> [TASK PROMPT] When the string "カードキングダム" is part of a line in the data below, report the whole line.

START DATA PROVIDED

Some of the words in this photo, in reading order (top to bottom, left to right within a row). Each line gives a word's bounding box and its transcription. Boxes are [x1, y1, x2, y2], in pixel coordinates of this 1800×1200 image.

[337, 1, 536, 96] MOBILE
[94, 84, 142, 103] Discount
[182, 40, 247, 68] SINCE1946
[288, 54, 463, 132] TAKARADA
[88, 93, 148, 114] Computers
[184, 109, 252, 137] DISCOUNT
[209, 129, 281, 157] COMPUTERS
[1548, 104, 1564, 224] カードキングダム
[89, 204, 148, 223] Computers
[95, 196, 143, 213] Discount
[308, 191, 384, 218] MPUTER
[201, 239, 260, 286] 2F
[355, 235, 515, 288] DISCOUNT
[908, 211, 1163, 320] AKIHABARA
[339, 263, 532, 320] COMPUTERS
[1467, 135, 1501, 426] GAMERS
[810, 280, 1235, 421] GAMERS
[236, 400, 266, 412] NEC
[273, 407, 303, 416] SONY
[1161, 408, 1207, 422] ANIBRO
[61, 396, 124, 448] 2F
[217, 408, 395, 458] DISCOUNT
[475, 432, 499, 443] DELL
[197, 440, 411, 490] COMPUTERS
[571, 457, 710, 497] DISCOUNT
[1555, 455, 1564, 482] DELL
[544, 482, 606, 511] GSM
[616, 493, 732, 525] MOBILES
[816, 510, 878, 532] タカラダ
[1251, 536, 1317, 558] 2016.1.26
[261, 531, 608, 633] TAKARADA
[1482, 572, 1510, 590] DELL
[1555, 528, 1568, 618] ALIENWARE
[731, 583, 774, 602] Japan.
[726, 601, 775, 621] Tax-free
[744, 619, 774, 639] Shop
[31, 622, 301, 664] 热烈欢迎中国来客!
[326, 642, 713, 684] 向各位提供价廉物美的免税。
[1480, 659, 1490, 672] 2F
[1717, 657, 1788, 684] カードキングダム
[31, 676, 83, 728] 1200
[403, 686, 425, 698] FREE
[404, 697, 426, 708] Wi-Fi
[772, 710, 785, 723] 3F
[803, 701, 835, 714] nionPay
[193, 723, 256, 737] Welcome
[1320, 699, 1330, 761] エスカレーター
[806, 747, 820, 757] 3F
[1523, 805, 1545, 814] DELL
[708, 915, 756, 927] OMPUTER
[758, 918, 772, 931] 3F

END DATA PROVIDED

> [FINISHED EXERCISE]
[1548, 104, 1564, 224] カードキングダム
[1717, 657, 1788, 684] カードキングダム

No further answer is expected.